One potential problem here is that (as far as I know), rosdep
cannot install pip
dependencies for you. Your libzbar-dev
is fine, but libzbar-cffi
is problematic. Searching a bit shows that Ubuntu has packaged python-zbar
as a debian (here). If that is recent enough, you could add rules for that and list it in your manifest.
Note that the rosdep
database already contains a mapping for libzbar-dev
: here.
How do I structure my package so installing it via catkin_make does this automatically?
Note that installing system dependencies is not catkin
's job, that would be rosdep
.
For why we use rosdep
in ROS, and not plain Ubuntu/Fedora/X package names, see Why rosdep instead of others?.
Asked by gvdhoorn on 2016-10-16 18:08:09 UTC
Comments
Does rosdep respect the standard setup.py script, which can list it's own PyPI dependencies?
Asked by Cerin on 2016-10-16 19:22:57 UTC
No. It could perhaps be done, but right now rosdep
only uses the information in the manifest. CMakeLists.txt vs package.xml discusses a similar situation (duplication of information and why).
Note that ament
in ROS2 can build regular Python pkgs.
Asked by gvdhoorn on 2016-10-17 00:31:31 UTC
Question answered? If so, please mark it as such by ticking the checkbox to the left of the answer. Thanks.
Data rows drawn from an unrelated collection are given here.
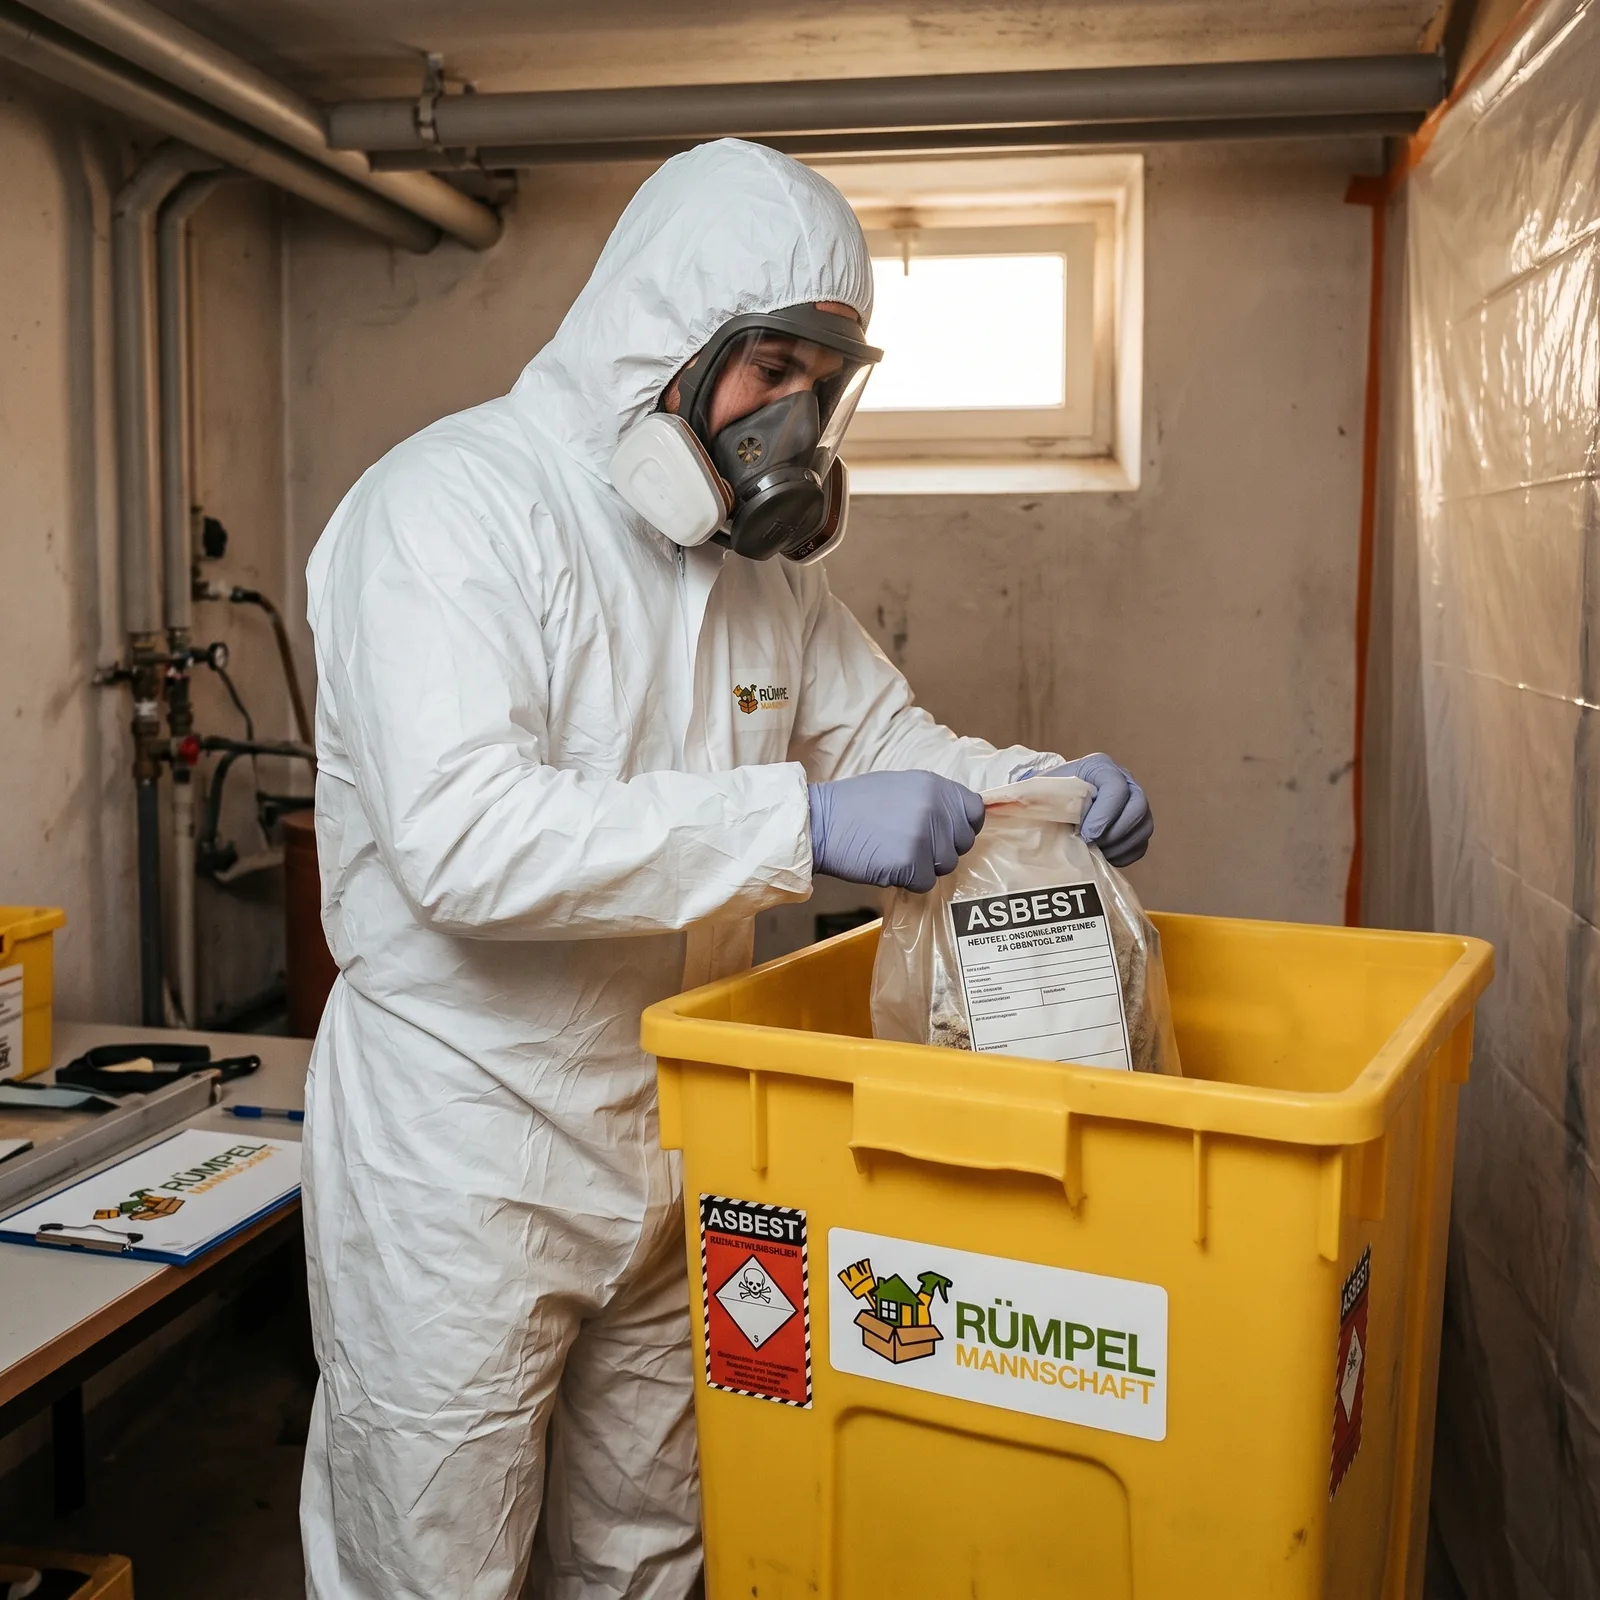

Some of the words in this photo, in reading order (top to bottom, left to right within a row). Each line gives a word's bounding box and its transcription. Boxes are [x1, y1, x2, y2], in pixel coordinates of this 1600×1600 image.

[967, 889, 1087, 931] ASBEST
[158, 1144, 267, 1192] RÜMPEL
[707, 1207, 799, 1240] ASBEST
[956, 1298, 1156, 1378] RÜMPEL
[956, 1343, 1155, 1405] MANNSCHAFT
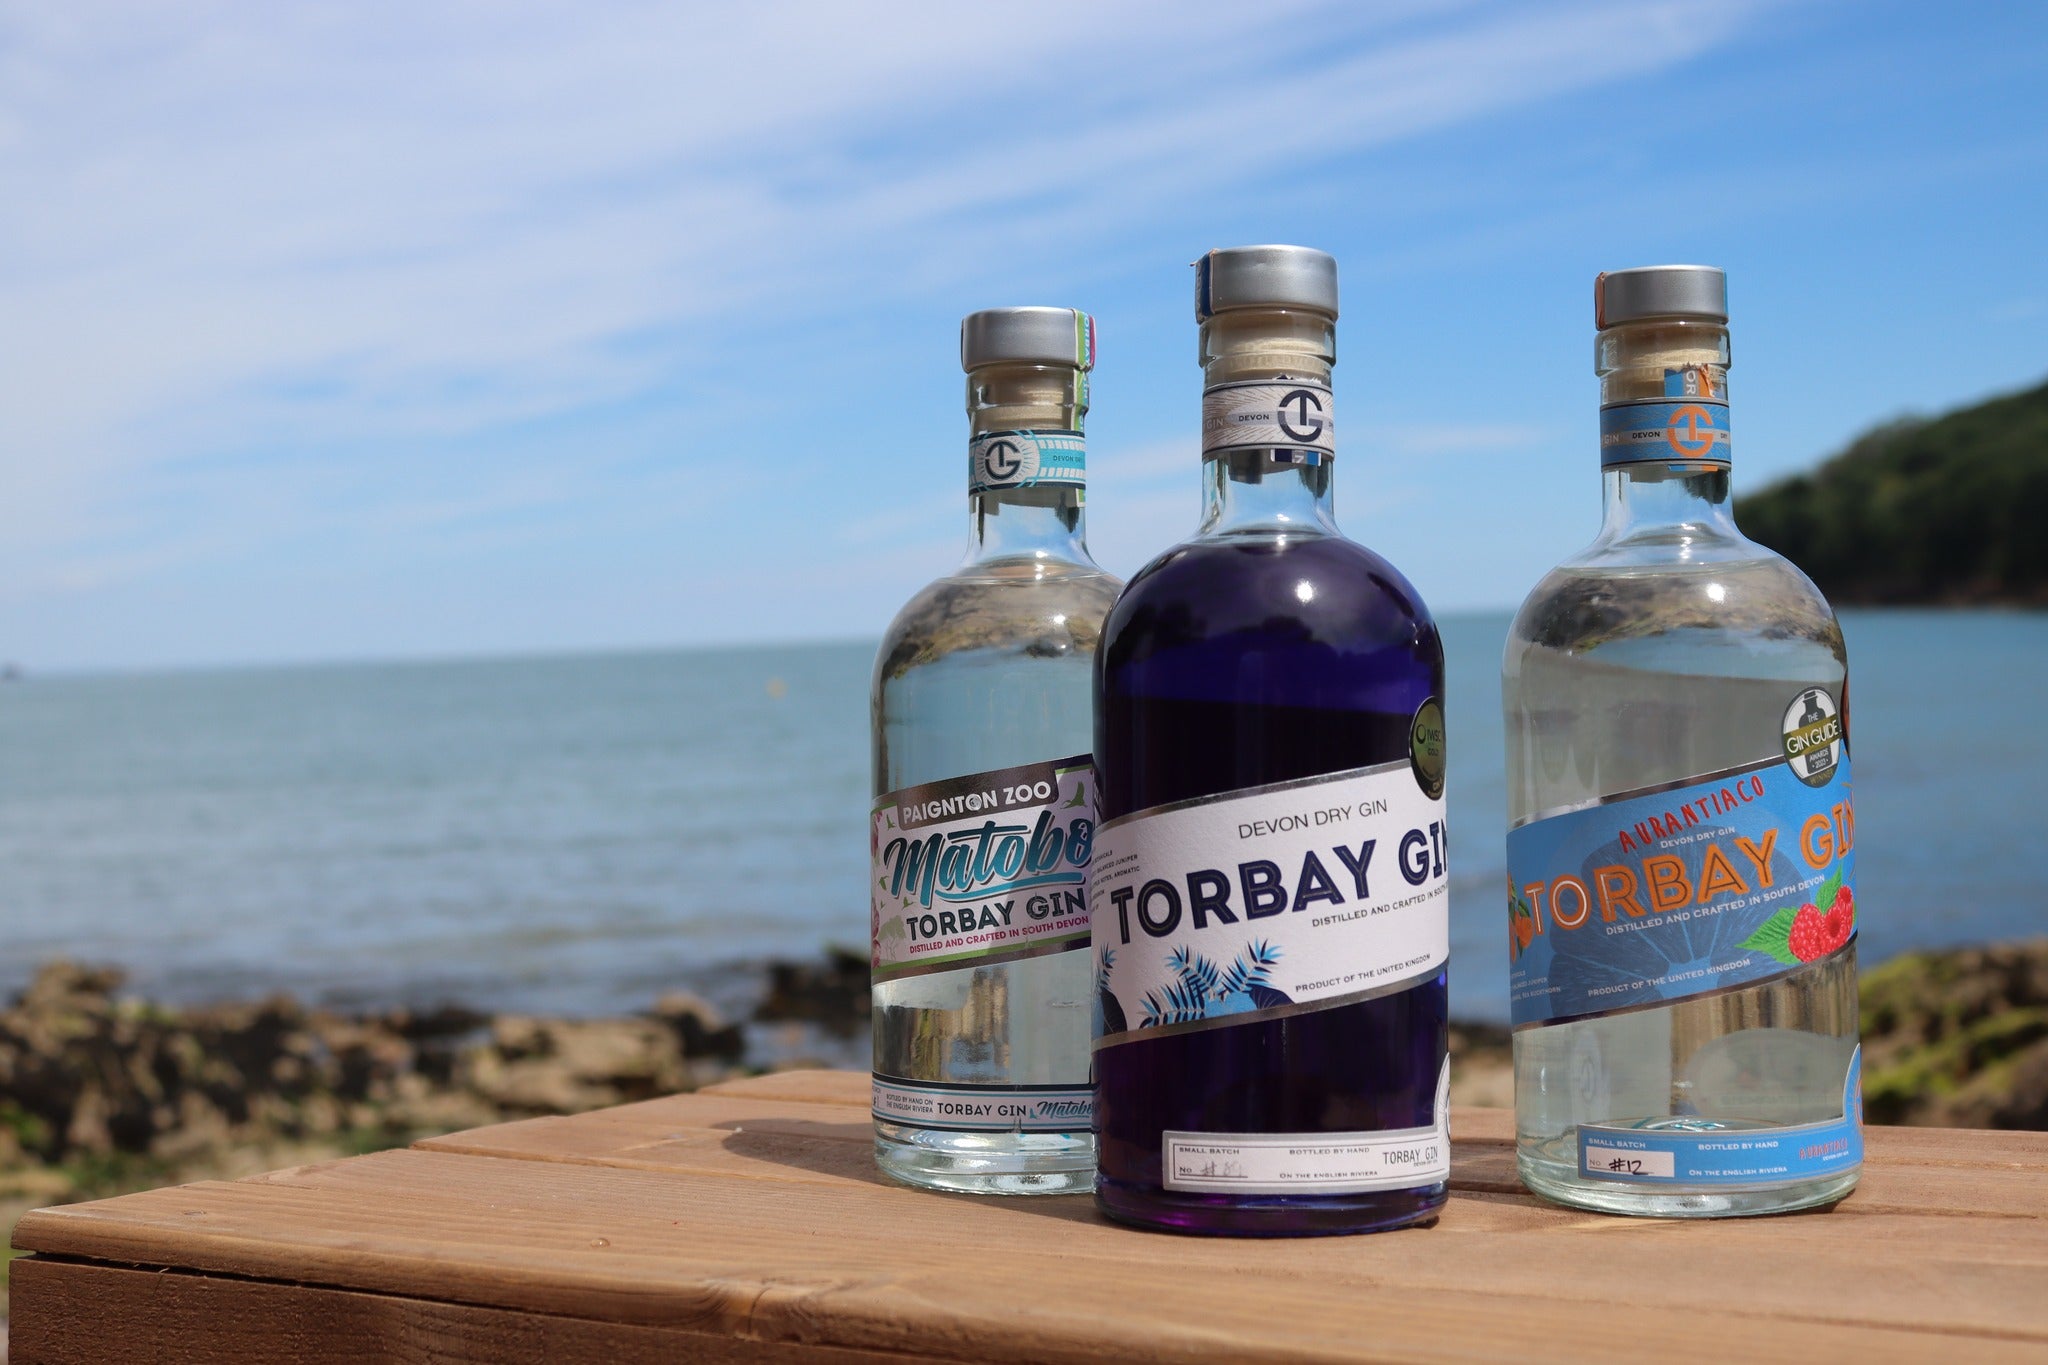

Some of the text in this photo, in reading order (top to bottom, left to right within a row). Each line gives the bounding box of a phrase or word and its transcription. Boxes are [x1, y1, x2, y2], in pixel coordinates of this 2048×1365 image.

[1632, 431, 1660, 439] DEVON
[1787, 720, 1838, 753] GIN GUIDE
[1807, 712, 1819, 723] THE
[903, 781, 1051, 824] PAIGNTON ZOO
[1238, 799, 1388, 839] DEVON DRY GIN
[1619, 775, 1765, 854] AURANTIACO
[1660, 826, 1735, 849] DEVON DRY GIN
[883, 811, 1093, 909] Matobo
[1111, 839, 1377, 945] TORBAY
[1524, 828, 1778, 936] TORBAY
[906, 888, 1086, 941] TORBAY GIN
[1311, 909, 1368, 928] DISTILLED
[1370, 903, 1390, 917] AND
[1392, 894, 1426, 911] CRAFTED
[1427, 890, 1434, 899] IN
[1606, 874, 1825, 936] DISTILLED AND CRAFTED IN SOUTH DEVON
[910, 916, 1089, 954] DISTILLED AND CRAFTED IN SOUTH DEVON
[1295, 953, 1431, 992] PRODUCT OF THE UNITED KINGDOM
[1587, 959, 1751, 998] PRODUCT OF THE UNITED KINGDOM
[912, 1105, 934, 1113] RIVIERA
[937, 1103, 1026, 1117] TORBAY GIN
[1383, 1146, 1438, 1165] TORBAY GIN
[1588, 1138, 1646, 1149] SMALL BATCH
[1589, 1158, 1601, 1166] No
[1609, 1160, 1645, 1175] #12
[1723, 1167, 1757, 1175] ENGLISH
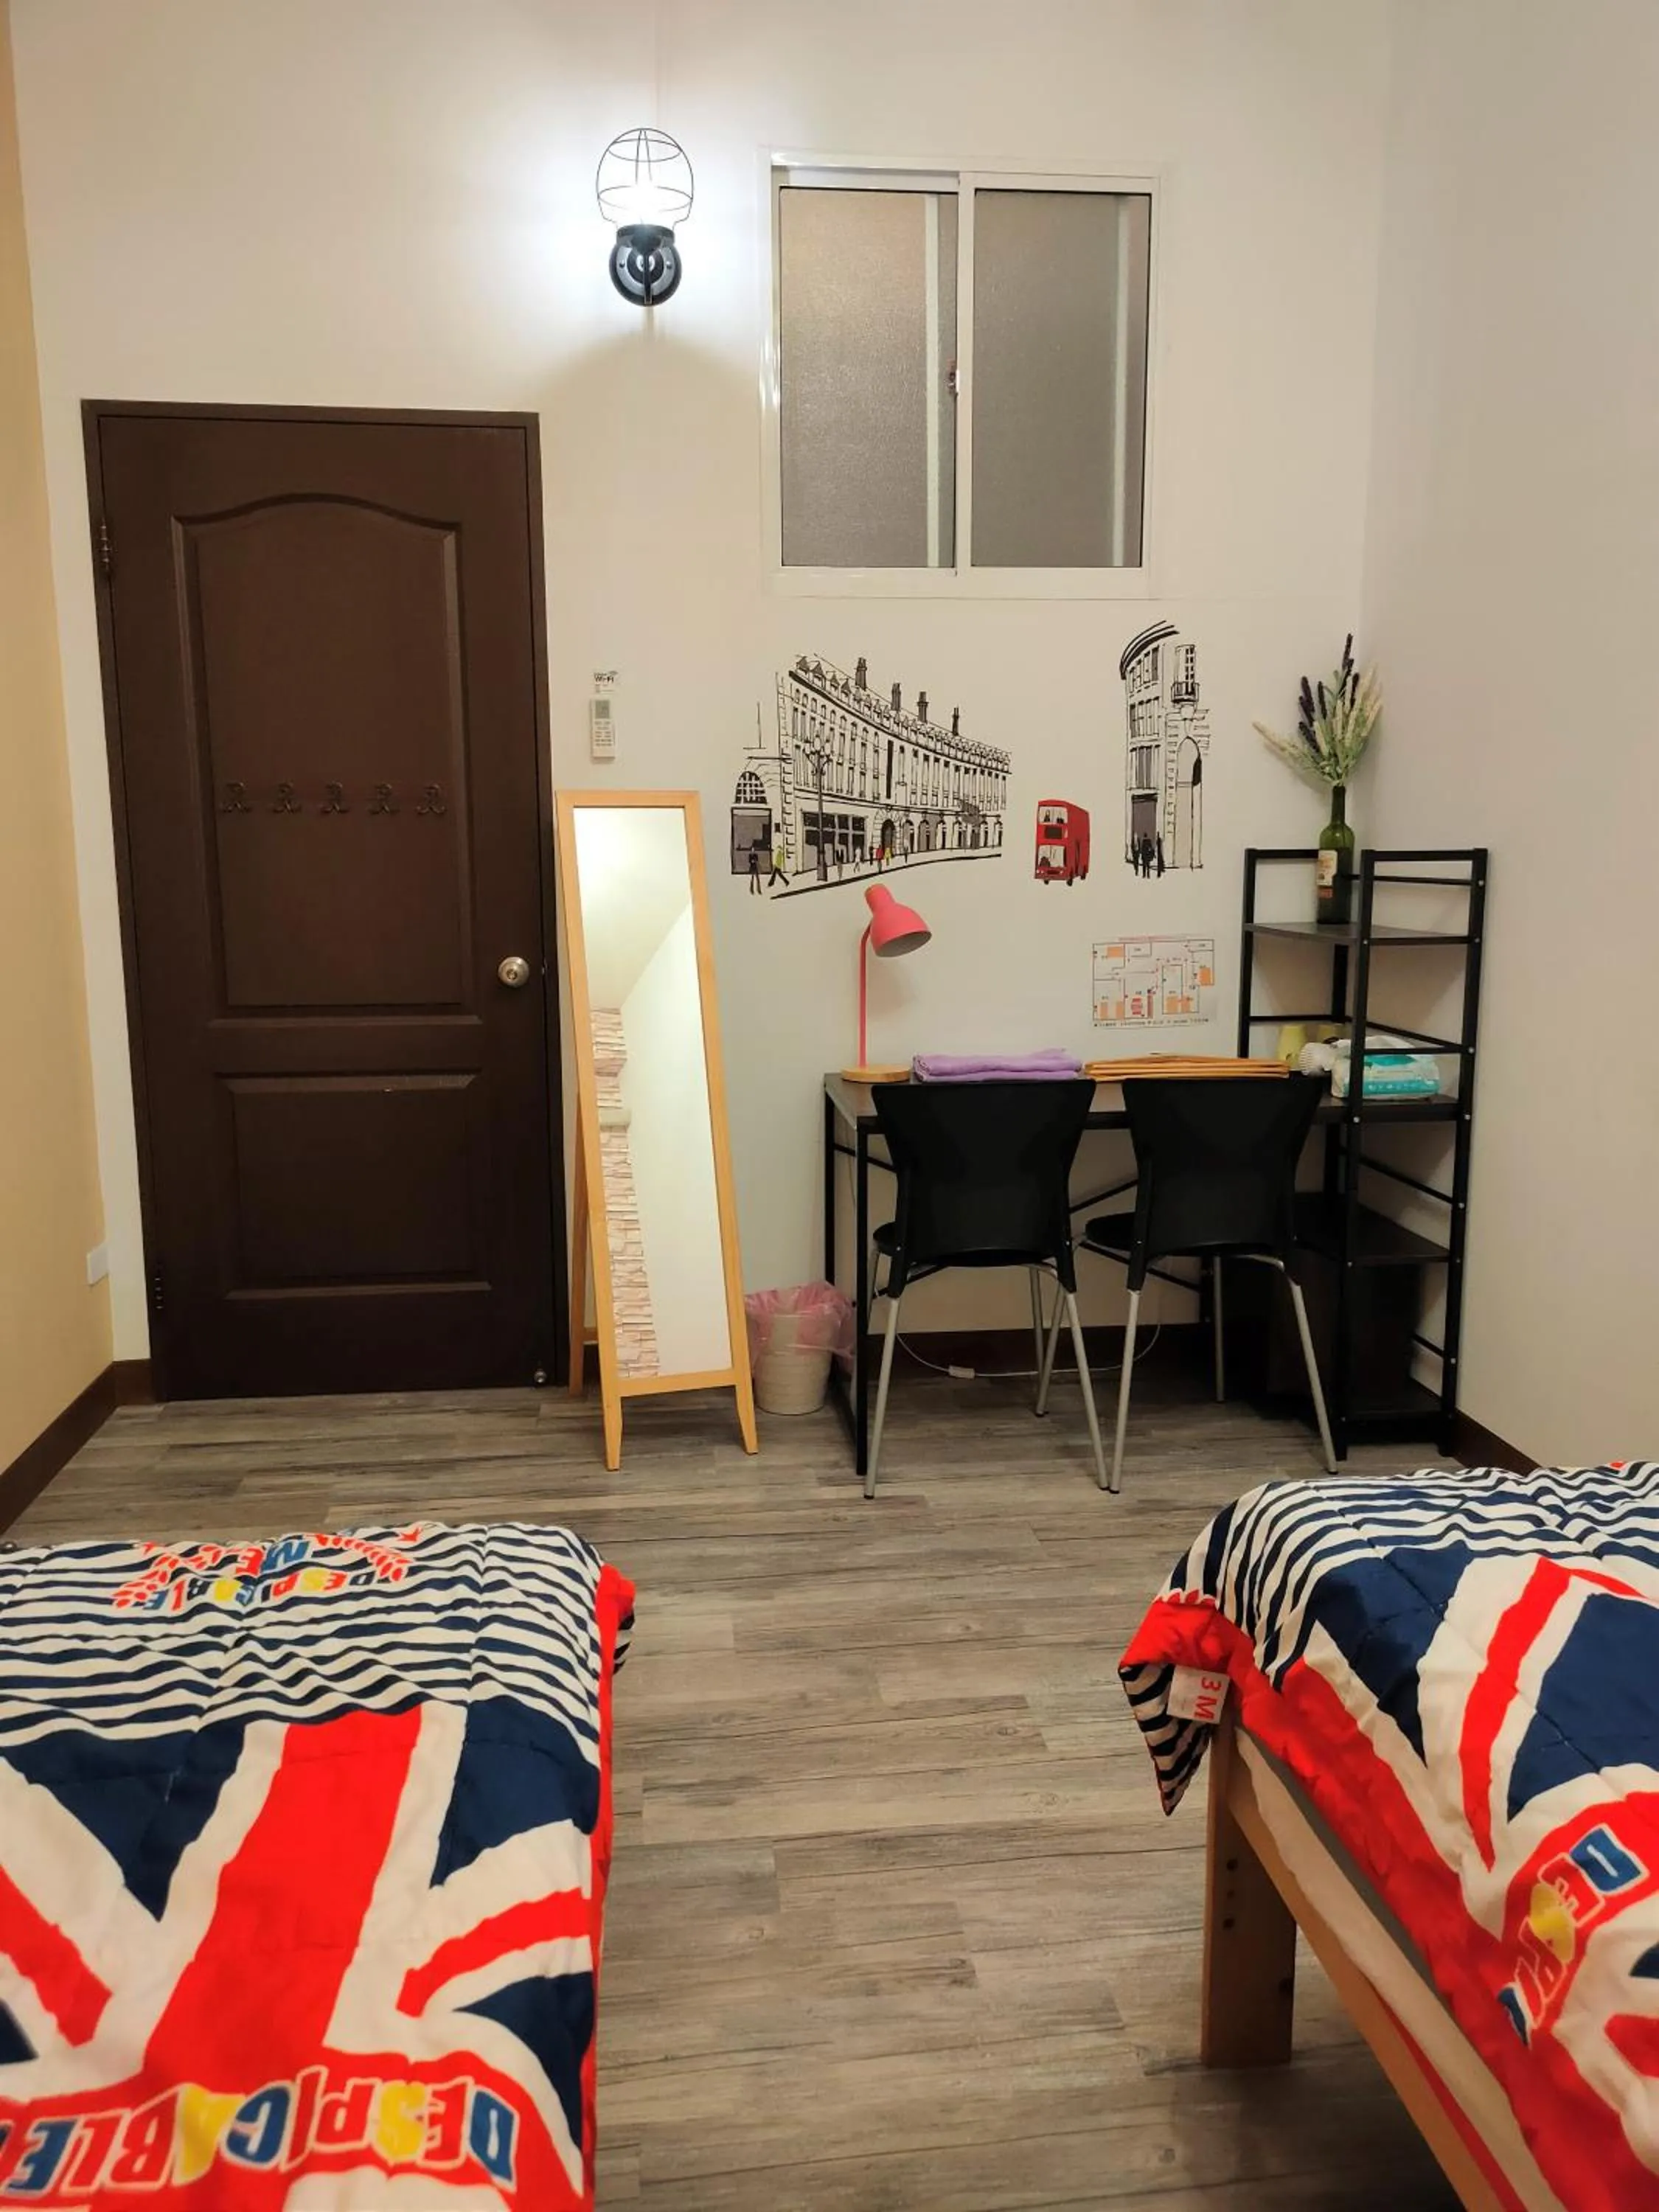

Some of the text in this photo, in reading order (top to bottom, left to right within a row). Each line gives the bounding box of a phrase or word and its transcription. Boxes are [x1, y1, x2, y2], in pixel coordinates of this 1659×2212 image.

Asked by gvdhoorn on 2016-10-18 14:00:50 UTC
For ROS 2 the same limitations still applies: in order to create a Debian package all dependencies must be available as Debian package. E.g. a Debian package can not depend on a package installed via PIP.
Asked by Dirk Thomas on 2016-10-18 14:35:10 UTC
gvdhoorn, Unfortunately, no. I still need a formal way to install Pip packages. Pip is the package management tool for Python, so not being able to officially use that in ROS is a huge problem for the framework. Relying on system packages alone isn't enough, because these are usually outdated.
Asked by Cerin on 2016-10-18 15:46:20 UTC
I'm not sure whether pip
is supported by rosdep
. In 'the old days', pkgs could ship with a pkg-local yaml file that could run just about any command, including pip
. @Dirk Thomas should know whether that is still supported.
Asked by gvdhoorn on 2016-10-18 16:20:19 UTC
gvdhoorn, Unfortunately, no. I still need a formal way to install Pip packages
Then I feel like you should've asked your question differently. Right now it's titled "how to define system dependencies", which I'd say I answered. It may not be the answer you're looking for, but these are the facts.
Asked by gvdhoorn on 2016-10-18 16:22:37 UTC
A package can mention a rosdep key in its manifest and that key can be mapped to a PIP package. rosdep will perfectly work with that. You just can't call bloom for that package since it can't determine the Debian control file for non-Debian dependencies - hence no release.